From the HBD Archive
From: hpfcla!hplabs!amdahl!uunet!ingr!tesla!steve
Subject: finding bottles and bottling kegged beer
Date: 1989-03-08 15:21:26 GMT

This topic has died down, but I finally found time to write. These are my
secrets for finding bottles. Not regular 12 oz bottles, but 16 oz brown
bottles and champagne bottles. To get a lot of nice 16 oz brown bottles, make
a friend who works at a Japanese restaurant or Sushi bar, and offer them a
dollar or two (or some homebrew) per box of Sapporo Draft 16 oz bottles. They
come 12 bottles to the box, and they are nice strong bottles.
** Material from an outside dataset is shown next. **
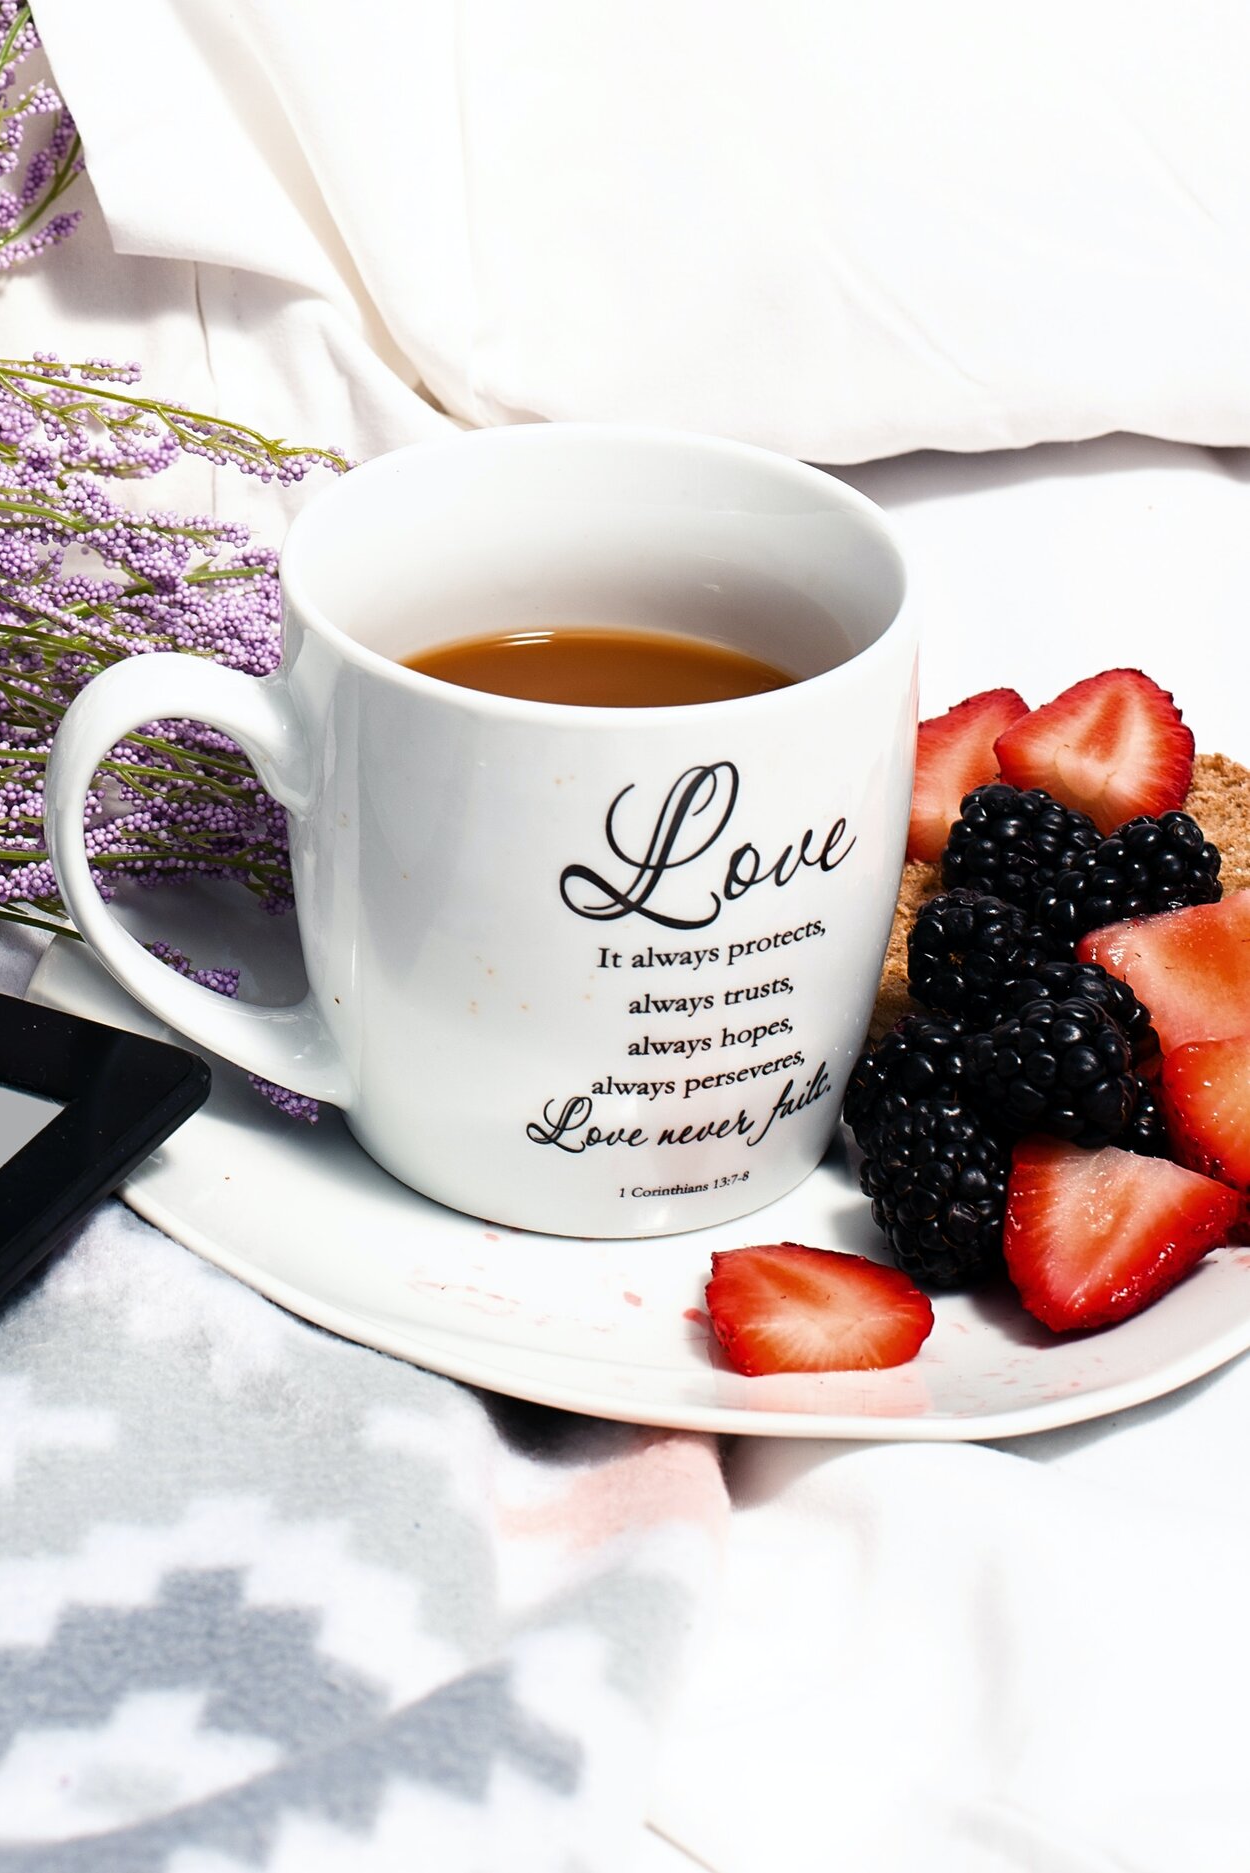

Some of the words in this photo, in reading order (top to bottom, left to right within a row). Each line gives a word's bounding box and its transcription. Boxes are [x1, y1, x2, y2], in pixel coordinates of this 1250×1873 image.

The only bad
thing about them is that the labels are foil, and can be difficult to remove,
but I have had good luck by letting them soak over night in water. Don't use
bleach, or you will leave deposits on the bottles from the reaction with the
chlorine. This has been discussed here before. One big advantage of these
bottles is that they are the same height as regular 12 oz longnecks, so you
don't have to re-set your capper to use them. To get a lot of champagne
bottles, go to a Sunday morning champagne brunch at a local hotel, and ask
the waitress to save the bottles for you. Bring a crown cap to make sure they
are bottles you can use. If they will save bottles for you while you eat, you
can have 15-20 bottles to take home, and the cases they came in.
Has anyone developed a good method for transferring kegged beer to bottles?
I tried the method I have seen described, which calls for chilling the beer
and the bottles, and dispensing the beer at low pressure into the bottles, but
I got a lot of foam, and the bottled beer was very flat. I'm open for ideas.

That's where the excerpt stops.